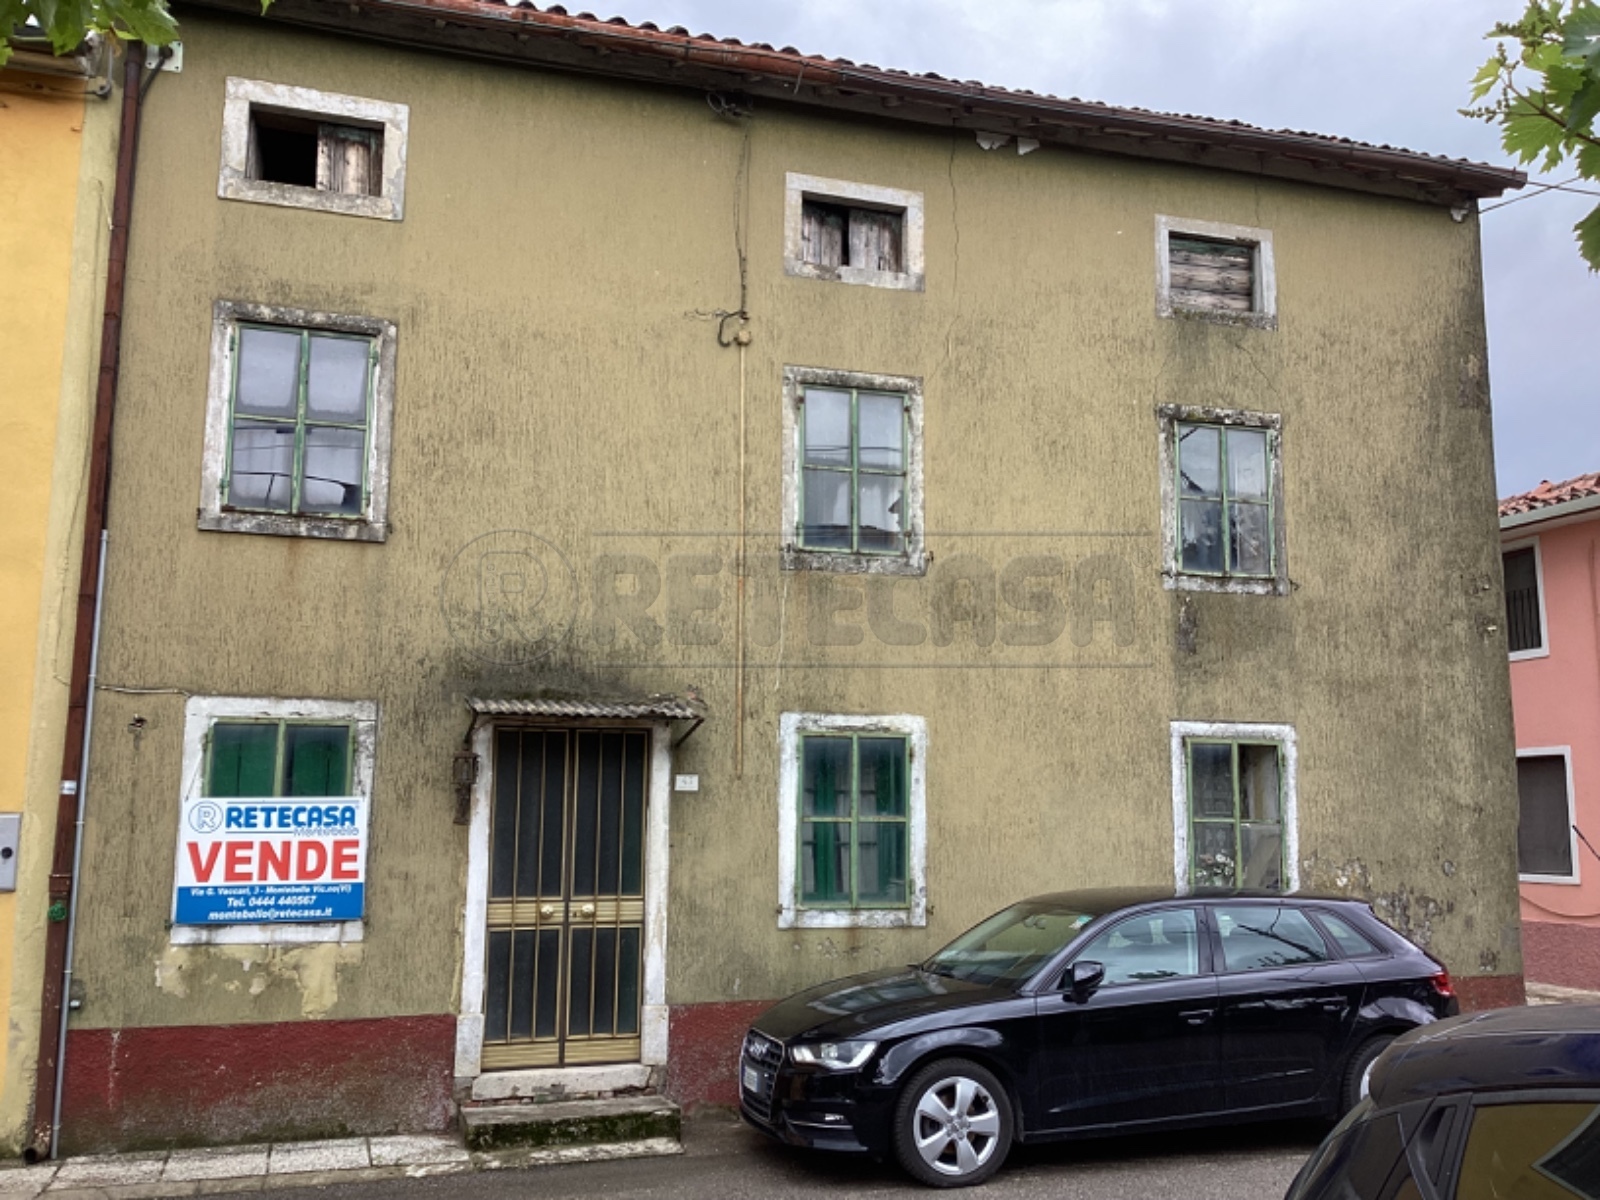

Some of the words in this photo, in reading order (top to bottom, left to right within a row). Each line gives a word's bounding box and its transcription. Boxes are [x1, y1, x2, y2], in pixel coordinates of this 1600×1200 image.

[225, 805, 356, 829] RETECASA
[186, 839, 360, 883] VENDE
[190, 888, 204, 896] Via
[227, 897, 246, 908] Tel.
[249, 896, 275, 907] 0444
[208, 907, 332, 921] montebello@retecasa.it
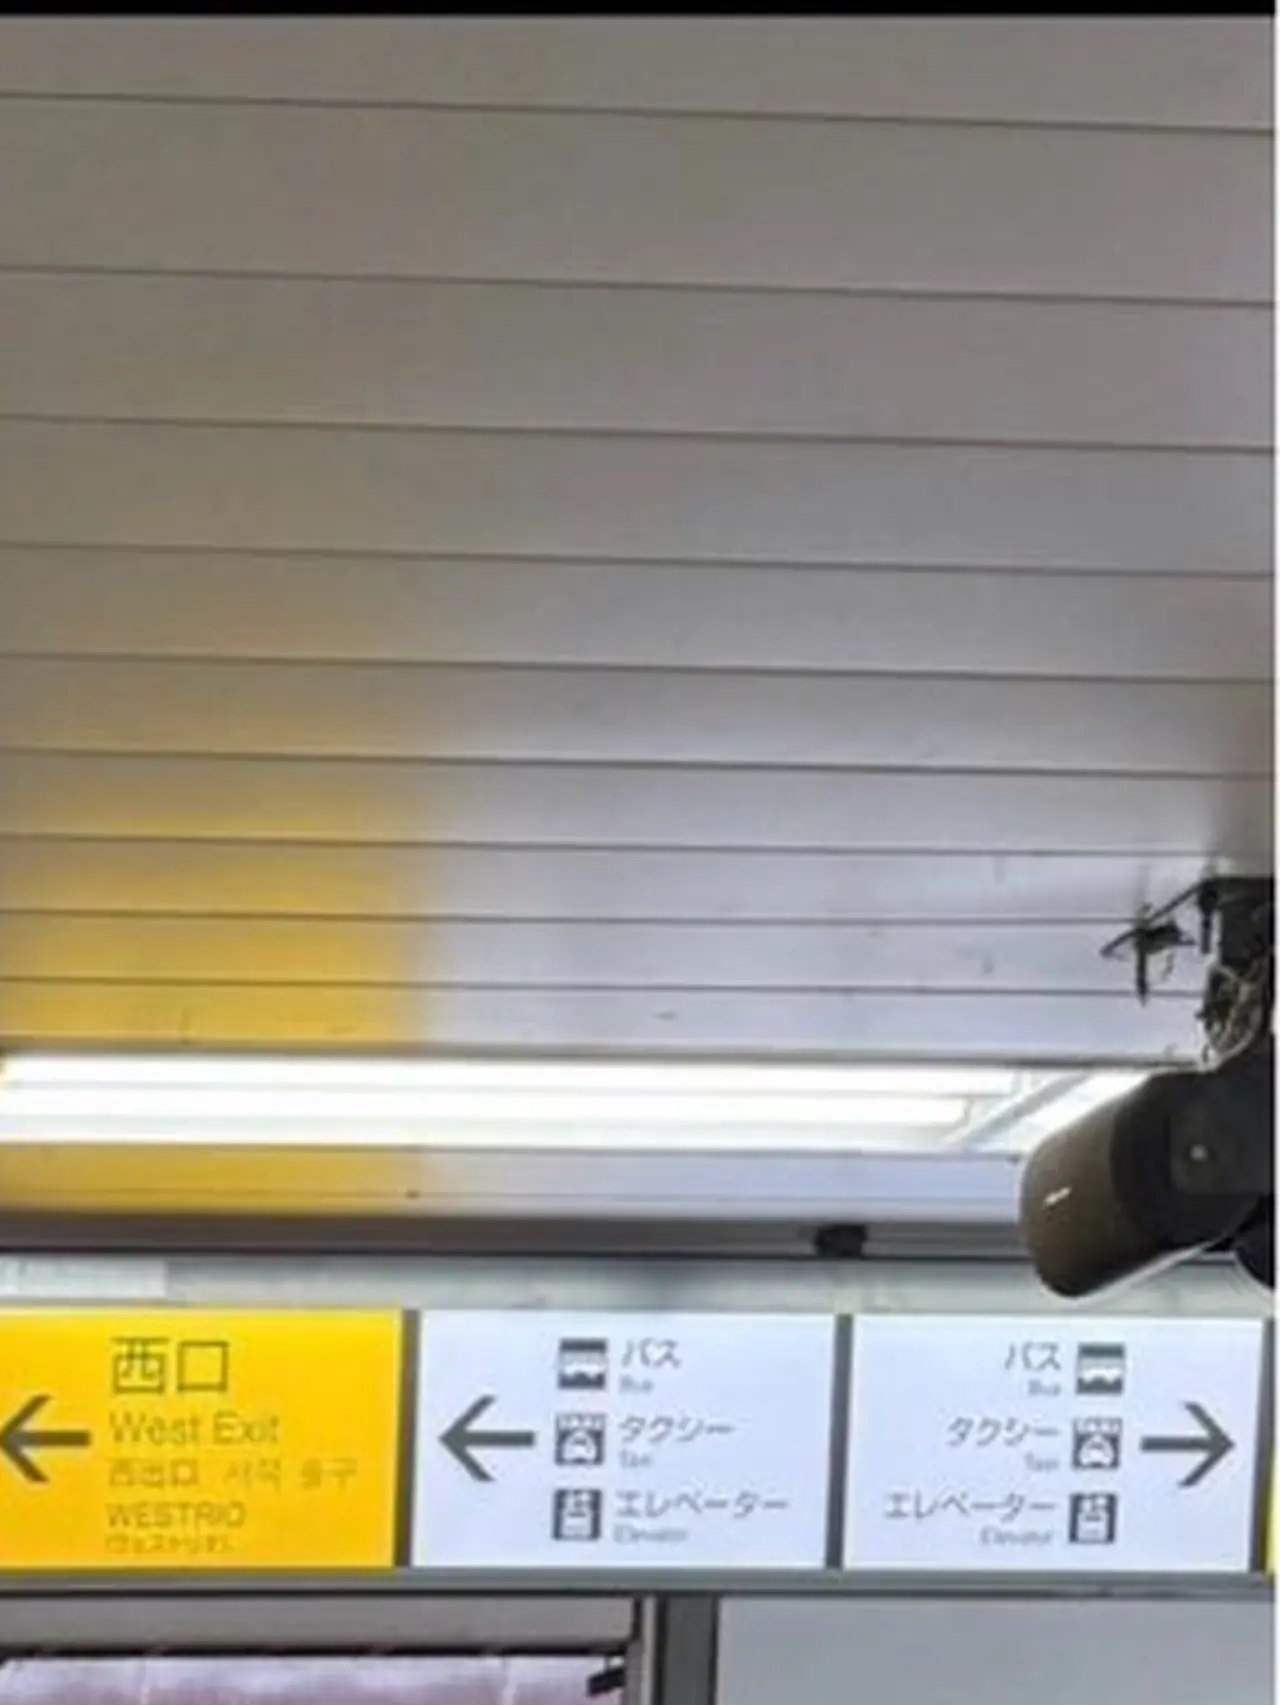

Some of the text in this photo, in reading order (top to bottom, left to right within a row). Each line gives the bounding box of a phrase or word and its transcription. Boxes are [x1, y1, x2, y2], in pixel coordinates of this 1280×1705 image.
────────────────────────────────────────
## Try it
Pictures are to be left out when the entries above are repeated exactly.

## Finished exercise
Some of the words in this photo, in reading order (top to bottom, left to right within a row). Each line gives a word's bounding box and its transcription. Boxes are [x1, y1, x2, y2], in pixel coordinates of this 1600×1200 image.

[225, 805, 356, 829] RETECASA
[186, 839, 360, 883] VENDE
[190, 888, 204, 896] Via
[227, 897, 246, 908] Tel.
[249, 896, 275, 907] 0444
[208, 907, 332, 921] montebello@retecasa.it

Some of the text in this photo, in reading order (top to bottom, left to right within a row). Each line gives the bounding box of a phrase or word and its transcription. Boxes are [x1, y1, x2, y2], in pixel coordinates of this 1280×1705 image.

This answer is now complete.